DATA EXTRACT Block Start

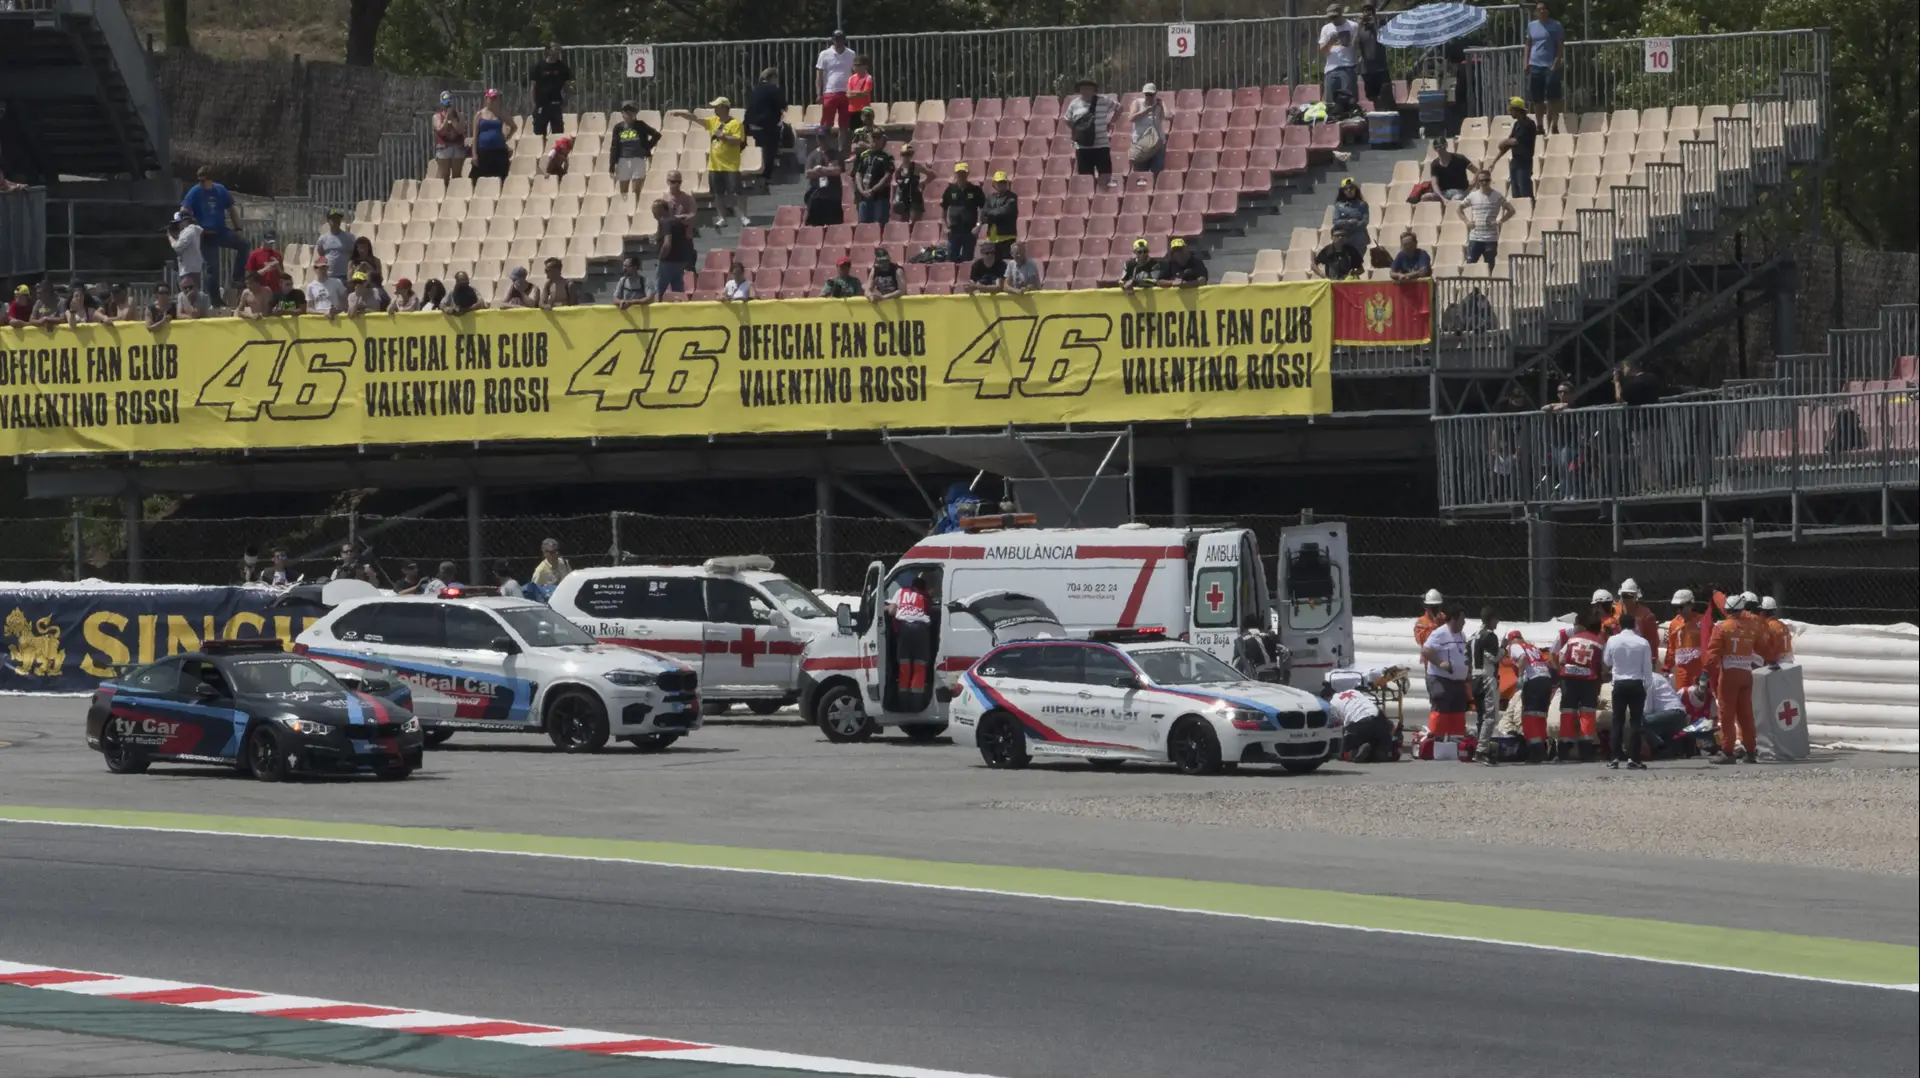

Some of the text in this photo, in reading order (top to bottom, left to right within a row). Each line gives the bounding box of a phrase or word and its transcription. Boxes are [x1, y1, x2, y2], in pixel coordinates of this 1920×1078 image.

[1171, 27, 1192, 35] ZONA
[1177, 36, 1188, 54] 9
[635, 57, 646, 74] 8
[1650, 50, 1669, 69] 10
[738, 319, 926, 361] OFFICIAL FAN CLUB
[1120, 305, 1313, 350] OFFICIAL FAN CLUB
[0, 343, 179, 386] OFFICIAL FAN CLUB
[364, 331, 549, 373] OFFICIAL FAN CLUB
[565, 325, 731, 412] 46
[943, 313, 1113, 400] 46
[194, 337, 358, 422] 46
[739, 364, 928, 408] VALENTINO ROSSI
[1121, 352, 1313, 395] VALENTINO ROSSI
[0, 388, 180, 430] VALENTINO ROSSI
[364, 375, 550, 418] VALENTINO ROSSI
[985, 543, 1074, 561] AMBULÀNCIA
[1205, 544, 1240, 562] AMBUL
[902, 591, 917, 604] M
[1066, 582, 1081, 592] 704
[1095, 583, 1106, 592] 22
[1108, 583, 1118, 592] 24
[599, 622, 625, 636] Roja
[379, 668, 500, 695] Medical Car
[142, 718, 180, 735] Car

DATA EXTRACT Block End

If pictures are present, they are dropped, and the entries above are written out word for word.

Some of the text in this photo, in reading order (top to bottom, left to right within a row). Each line gives the bounding box of a phrase or word and its transcription. Boxes are [x1, y1, x2, y2], in pixel coordinates of this 1920×1078 image.

[1171, 27, 1192, 35] ZONA
[1177, 36, 1188, 54] 9
[635, 57, 646, 74] 8
[1650, 50, 1669, 69] 10
[738, 319, 926, 361] OFFICIAL FAN CLUB
[1120, 305, 1313, 350] OFFICIAL FAN CLUB
[0, 343, 179, 386] OFFICIAL FAN CLUB
[364, 331, 549, 373] OFFICIAL FAN CLUB
[565, 325, 731, 412] 46
[943, 313, 1113, 400] 46
[194, 337, 358, 422] 46
[739, 364, 928, 408] VALENTINO ROSSI
[1121, 352, 1313, 395] VALENTINO ROSSI
[0, 388, 180, 430] VALENTINO ROSSI
[364, 375, 550, 418] VALENTINO ROSSI
[985, 543, 1074, 561] AMBULÀNCIA
[1205, 544, 1240, 562] AMBUL
[902, 591, 917, 604] M
[1066, 582, 1081, 592] 704
[1095, 583, 1106, 592] 22
[1108, 583, 1118, 592] 24
[599, 622, 625, 636] Roja
[379, 668, 500, 695] Medical Car
[142, 718, 180, 735] Car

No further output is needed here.